Le chef indien s’attarda encore un moment pour observer l’engagement qui se déplaçait rapidement vers la pente de la colline, signe que les Delawares prenaient le dessus, toutefois, il ne quitta sa position que lorsqu’il fut averti de la proximité de ses amis, mais aussi de ses ennemis, par les balles que les premiers tiraient sur les seconds et qui commençaient à crépiter sur les feuilles mortes, comme des grêlons qui précèdent le gros de la tempête. Œil-de-Faucon et ses trois compagnons reculèrent de quelques pas, jusqu’à un abri, et attendirent la suite des événements avec un calme qui, dans ce genre de situation, ne peut provenir que d’une grande habitude.

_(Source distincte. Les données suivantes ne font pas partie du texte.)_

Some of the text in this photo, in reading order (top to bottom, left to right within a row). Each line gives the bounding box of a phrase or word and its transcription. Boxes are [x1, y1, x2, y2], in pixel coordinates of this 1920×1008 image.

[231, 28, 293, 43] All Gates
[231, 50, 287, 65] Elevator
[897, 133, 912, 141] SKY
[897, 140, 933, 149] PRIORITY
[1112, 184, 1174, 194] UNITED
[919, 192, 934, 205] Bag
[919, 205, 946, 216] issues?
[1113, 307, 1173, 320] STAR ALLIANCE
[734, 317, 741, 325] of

Bientôt les détonations cessèrent d’être répercutées par la forêt et retentirent comme des coups de feu tirés en plein air. Puis des guerriers apparurent çà et là, repoussés vers l’orée des bois et dans la clairière où ils se rassemblaient, comme à l’endroit où devait s’organiser la dernière résistance. Ils furent bientôt rejoints par d’autres et finalement on aperçut une longue file de silhouettes sombres s’abritant derrière les arbres et s’accrochant à leur position avec l’acharnement du désespoir. Heyward commença à s’impatienter et regarda dans la direction de Chingachgook. Le chef était assis sur un rocher et seul dépassait son visage calme, contemplant la scène d’un regard aussi détaché que s’il était posté là simplement pour observer la bataille.
— L’heure est venue pour le Delaware de frapper, dit Duncan.
— Non, pas encore, répondit l’éclaireur. Quand il sentira la présence de ses amis, il leur fera savoir qu’il est ici. Regardez un peu, ces canailles se regroupent dans ce bosquet de pins comme des abeilles qui se posent au retour d’une expédition. Seigneur Dieu ! une squaw serait capable de mettre une balle au beau milieu d’un essaim de Peaux-Rouges comme celui-ci.
À cet instant, le signal fut lancé et une dizaine de Hurons tombèrent sous les balles de Chingachgook et les siens. À l’appel qui suivit répondit un unique cri de guerre en provenance de la forêt, et une clameur s’éleva dans l’air telle qu’on aurait dit qu’un millier de poitrines s’étaient unies pour la pousser. Les Hurons, désemparés, désertèrent le centre de leur ligne et Uncas émergea de la forêt par la brèche ainsi créée, à la tête d’une centaine de combattants.
Agitant les mains à droite et à gauche, le jeune chef désigna l’ennemi à ses troupes qui se séparèrent pour engager la poursuite. La bataille se divisa alors, les deux ailes des Hurons en déroute cherchant à nouveau refuge dans les bois, suivis de près par les guerriers lenapes victorieux. Une minute s’était à peine écoulée que déjà les bruits s’éloignaient dans différentes directions et leur écho s’amenuisait progressivement sous la voûte des arbres. Toutefois, un noyau de Hurons qui avaient dédaigné de chercher un abri se retiraient tels des lions aux abois et montaient la pente de la colline que Chingachgook et sa troupe venaient de déserter pour se mêler de plus près à la lutte. Magua se faisait remarquer dans ce groupe, autant par son visage féroce et sauvage que par l’allure autoritaire et hautaine qu’il conservait encore.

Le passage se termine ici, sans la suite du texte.